表3 不同体积分数次氯酸钠对S. Derby生物被膜胞外蛋白的影响Table 3 Effects of different concentrations of sodium hypochlorite on extracellular proteins of S. Derby biofilms

EPS是生物被膜的重要组成部分，胞外多糖、胞外蛋白等共同组成生物被膜的三维立体结构[39]。在本研究中，随着培养时间的延长，生物被膜内的胞外多糖和蛋白的质量浓度也相应增加，这与利用结晶紫染色法对生物被膜定量的结果相一致。纤维素、脂多糖等多糖成分可以支持细胞间的相互作用，介导生物被膜的三维结构生成，在培养基中添加不同体积分数的次氯酸钠后，生物被膜中的胞外多糖质量浓度显著降低（P＜0.05），这表明次氯酸钠主要通过抑制胞外多糖的生成来抑制生物被膜形成三维结构。卷曲菌毛、鞭毛等蛋白成分是细菌泳动和黏附的主要组件[40]，加入次氯酸钠后生物被膜中胞外蛋白的质量浓度没有显著变化（P＞0.05），也印证了次氯酸钠对于细菌的泳动能力没有影响。纤维素由bcsABZC-bcsEFG基因编码[41]，卷曲菌毛由csgA、csgD等基因编码[42]，次氯酸钠对胞外多糖和胞外蛋白的抑制情况不同，可能是由于其对于编码胞外多糖和胞外蛋白的基因表达产生了不同的影响。此外，沙门氏菌生物被膜还受菌体内在的诸多基因和群体感应的调控[32]，需要进一步从基因表达和群体感应调控的角度研究次氯酸钠抑制沙门氏菌生物被膜形成的机制，目前相关研究正在开展进行中。

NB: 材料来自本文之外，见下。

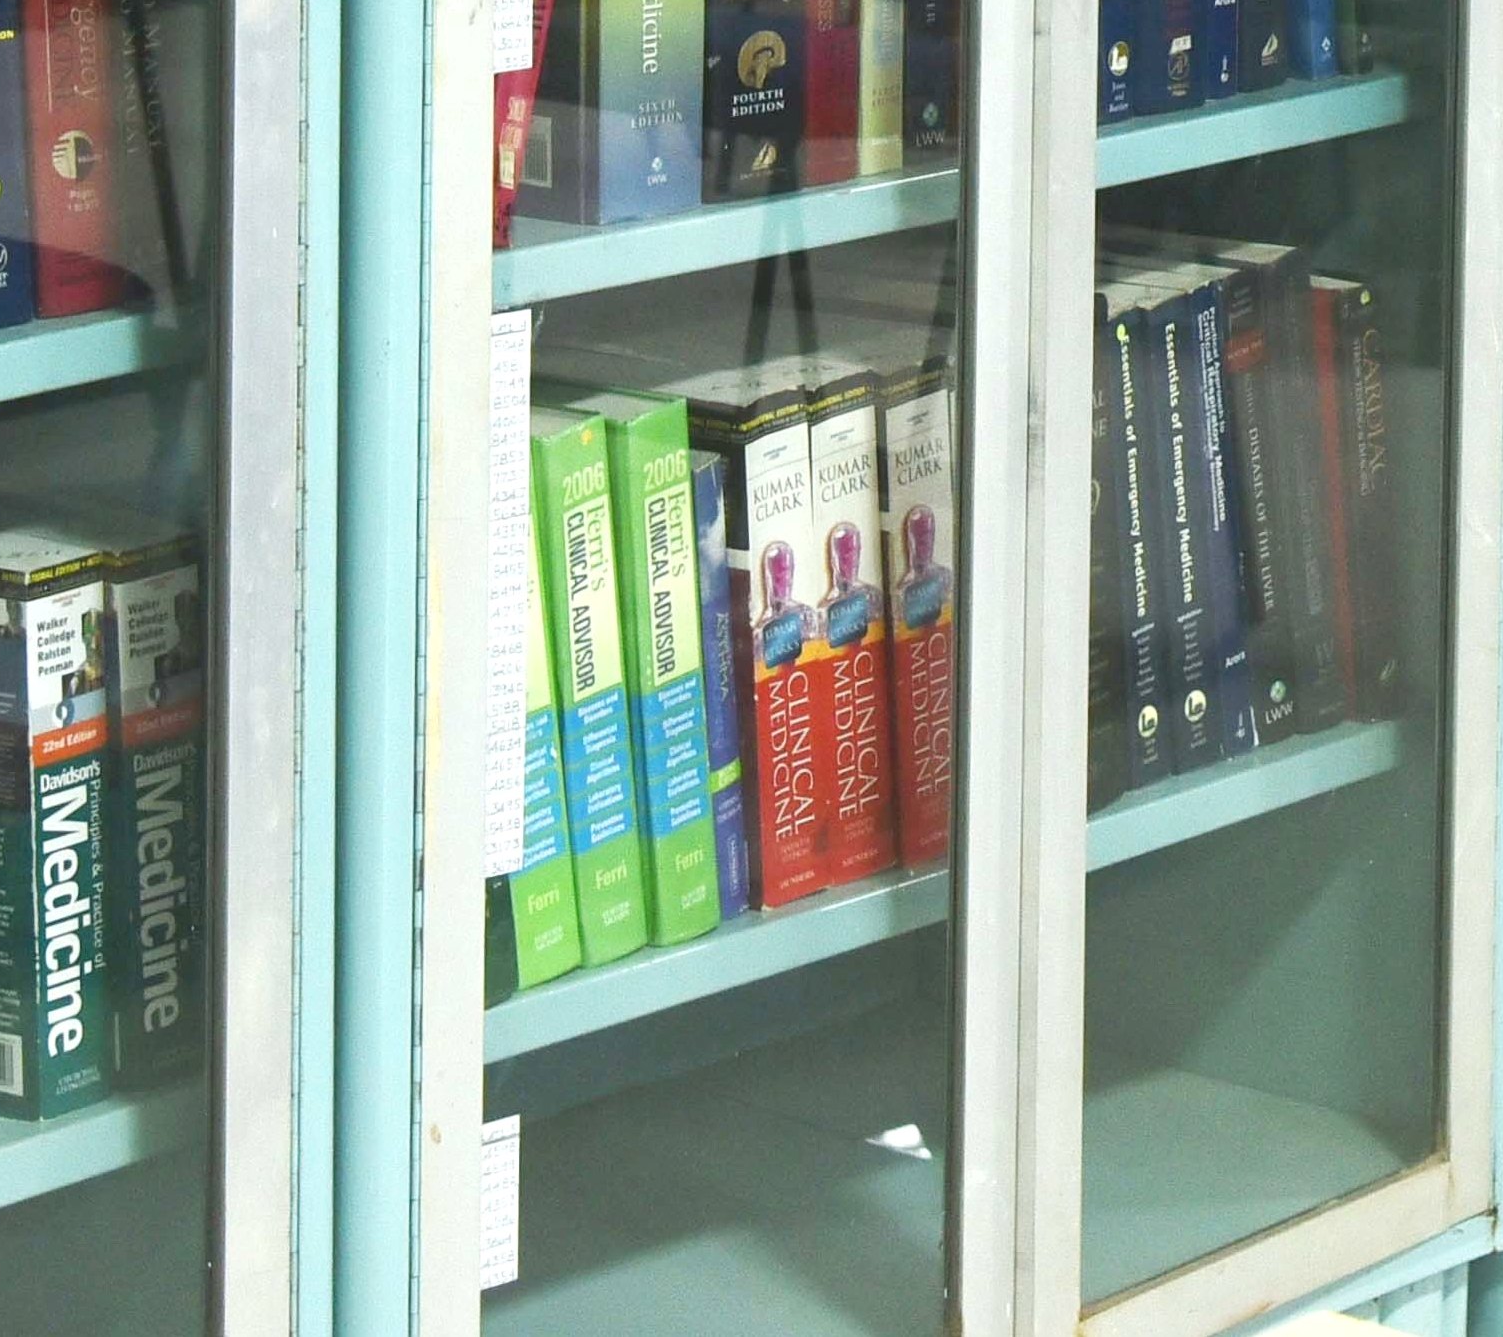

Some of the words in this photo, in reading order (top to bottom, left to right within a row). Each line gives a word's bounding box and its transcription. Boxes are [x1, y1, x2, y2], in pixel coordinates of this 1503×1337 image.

2.5.4 激光共聚焦扫描显微镜观察S. Derby生物被膜结果

图7 S. Derby生物被膜的激光共聚焦扫描显微镜图Fig. 7 CLSM images of S. Derby biofilms

通过激光共聚焦扫描显微镜三维光学成像，对不同体积分数次氯酸钠处理下S. Derby生物被膜进行了分析和比较。图7是对照组与次氯酸钠处理组S. Derby生物被膜的激光共聚焦显微图像，图中绿色代表活菌，红色代表死菌，立体图可以展现生物被膜的厚度。对照组的显微图像显示生物被膜中的细菌呈现团状聚集，活菌数量远远大于死菌，生物被膜厚度较高。在次氯酸钠处理组中，MIC下细菌量较少，且均为死菌，随着处理的次氯酸钠体积分数降低，活菌数量增加，死菌数量减少，细菌逐渐聚集，生物被膜厚度也增加，但仍远小于对照组。与前面次氯酸钠抑制沙门氏菌生物被膜的形成（图4）的结果相一致。显微镜观察结果显示出沙门氏菌有较强的成膜能力，这一结果与Sadekuzzaman等[43]报道的结果一致。本研究也表明S. Derby生物被膜对目前工业中常规使用体积分数（0.01%、0.02%）的次氯酸钠具有一定的耐受性。这可能是沙门氏菌在食品接触面定植和引起交叉污染的原因，需要进一步寻找对沙门氏菌生物被膜具有更有效抑制和清除作用的措施。

3 结 论

沙门氏菌污染对于食品工业是一个重大的安全隐患，探究不同体积分数和类型的食品级消毒剂对该细菌的影响对优化控制食品加工环境中安全问题尤为重要。本研究表明，次氯酸钠对S. Derby的MIC为0.08%，在该体积分数下S. Derby的生长完全受到抑制，对生物被膜的抑制率达到91.76%；亚MIC（0.04%、0.02%、0.01%）次氯酸钠对S. Derby生物被膜也具有明显的抑制作用。不同体积分数的次氯酸钠均能降低S. Derby生物被膜内细胞的代谢活性，减少胞外多糖的生成，激光共聚焦扫描显微镜结果也进一步印证了次氯酸钠处理减少了生物被膜的生成量及活菌数。因此，本实验所探索的次氯酸钠抑制S. Derby生物被膜的形成机制主要有：延缓浮游菌的生长、降低生物被膜内细胞代谢活性、减少生物被膜胞外多糖的合成及生物被膜内菌体的数量。